◆ **Work to be completed**:
The listing that follows must be retyped in full, exactly.

◆ **Supplied information**:
▬▬▬▬▬▬▬▬▬▬

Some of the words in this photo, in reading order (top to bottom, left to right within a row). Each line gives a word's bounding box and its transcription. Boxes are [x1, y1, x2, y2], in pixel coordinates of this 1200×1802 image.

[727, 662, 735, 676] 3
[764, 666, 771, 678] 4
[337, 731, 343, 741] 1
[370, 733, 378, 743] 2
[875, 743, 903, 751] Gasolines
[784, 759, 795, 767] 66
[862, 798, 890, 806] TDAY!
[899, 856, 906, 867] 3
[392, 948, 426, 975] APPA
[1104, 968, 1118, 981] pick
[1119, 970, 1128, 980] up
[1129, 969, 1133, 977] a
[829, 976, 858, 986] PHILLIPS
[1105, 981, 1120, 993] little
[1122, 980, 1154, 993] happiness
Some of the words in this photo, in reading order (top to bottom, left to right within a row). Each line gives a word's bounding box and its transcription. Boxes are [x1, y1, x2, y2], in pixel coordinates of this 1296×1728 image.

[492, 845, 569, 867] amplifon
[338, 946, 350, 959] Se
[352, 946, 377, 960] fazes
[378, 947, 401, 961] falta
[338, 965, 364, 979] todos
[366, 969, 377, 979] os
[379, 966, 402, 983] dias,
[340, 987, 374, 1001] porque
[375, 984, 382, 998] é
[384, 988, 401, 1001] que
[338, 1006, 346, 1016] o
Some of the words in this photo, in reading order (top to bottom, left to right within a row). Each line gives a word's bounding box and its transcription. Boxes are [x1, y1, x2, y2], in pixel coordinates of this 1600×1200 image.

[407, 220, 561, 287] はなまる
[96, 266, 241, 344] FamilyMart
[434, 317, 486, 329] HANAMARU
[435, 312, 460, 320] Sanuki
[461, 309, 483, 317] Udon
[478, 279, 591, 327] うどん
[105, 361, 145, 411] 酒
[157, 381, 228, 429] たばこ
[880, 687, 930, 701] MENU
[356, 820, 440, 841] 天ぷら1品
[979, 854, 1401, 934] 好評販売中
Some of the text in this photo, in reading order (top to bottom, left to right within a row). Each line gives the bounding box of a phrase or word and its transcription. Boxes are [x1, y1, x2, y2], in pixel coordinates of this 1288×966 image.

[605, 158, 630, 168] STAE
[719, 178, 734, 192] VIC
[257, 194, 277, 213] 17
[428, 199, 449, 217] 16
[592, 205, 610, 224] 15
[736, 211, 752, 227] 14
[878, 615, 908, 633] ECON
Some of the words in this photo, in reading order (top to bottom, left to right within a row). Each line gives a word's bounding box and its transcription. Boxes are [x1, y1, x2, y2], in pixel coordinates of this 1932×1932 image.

▬▬▬▬▬▬▬▬▬▬

◆ **Your response**:
Some of the words in this photo, in reading order (top to bottom, left to right within a row). Each line gives a word's bounding box and its transcription. Boxes are [x1, y1, x2, y2], in pixel coordinates of this 1200×1802 image.

[727, 662, 735, 676] 3
[764, 666, 771, 678] 4
[337, 731, 343, 741] 1
[370, 733, 378, 743] 2
[875, 743, 903, 751] Gasolines
[784, 759, 795, 767] 66
[862, 798, 890, 806] TDAY!
[899, 856, 906, 867] 3
[392, 948, 426, 975] APPA
[1104, 968, 1118, 981] pick
[1119, 970, 1128, 980] up
[1129, 969, 1133, 977] a
[829, 976, 858, 986] PHILLIPS
[1105, 981, 1120, 993] little
[1122, 980, 1154, 993] happiness
Some of the words in this photo, in reading order (top to bottom, left to right within a row). Each line gives a word's bounding box and its transcription. Boxes are [x1, y1, x2, y2], in pixel coordinates of this 1296×1728 image.

[492, 845, 569, 867] amplifon
[338, 946, 350, 959] Se
[352, 946, 377, 960] fazes
[378, 947, 401, 961] falta
[338, 965, 364, 979] todos
[366, 969, 377, 979] os
[379, 966, 402, 983] dias,
[340, 987, 374, 1001] porque
[375, 984, 382, 998] é
[384, 988, 401, 1001] que
[338, 1006, 346, 1016] o
Some of the words in this photo, in reading order (top to bottom, left to right within a row). Each line gives a word's bounding box and its transcription. Boxes are [x1, y1, x2, y2], in pixel coordinates of this 1600×1200 image.

[407, 220, 561, 287] はなまる
[96, 266, 241, 344] FamilyMart
[434, 317, 486, 329] HANAMARU
[435, 312, 460, 320] Sanuki
[461, 309, 483, 317] Udon
[478, 279, 591, 327] うどん
[105, 361, 145, 411] 酒
[157, 381, 228, 429] たばこ
[880, 687, 930, 701] MENU
[356, 820, 440, 841] 天ぷら1品
[979, 854, 1401, 934] 好評販売中
Some of the text in this photo, in reading order (top to bottom, left to right within a row). Each line gives the bounding box of a phrase or word and its transcription. Boxes are [x1, y1, x2, y2], in pixel coordinates of this 1288×966 image.

[605, 158, 630, 168] STAE
[719, 178, 734, 192] VIC
[257, 194, 277, 213] 17
[428, 199, 449, 217] 16
[592, 205, 610, 224] 15
[736, 211, 752, 227] 14
[878, 615, 908, 633] ECON
Some of the words in this photo, in reading order (top to bottom, left to right within a row). Each line gives a word's bounding box and its transcription. Boxes are [x1, y1, x2, y2], in pixel coordinates of this 1932×1932 image.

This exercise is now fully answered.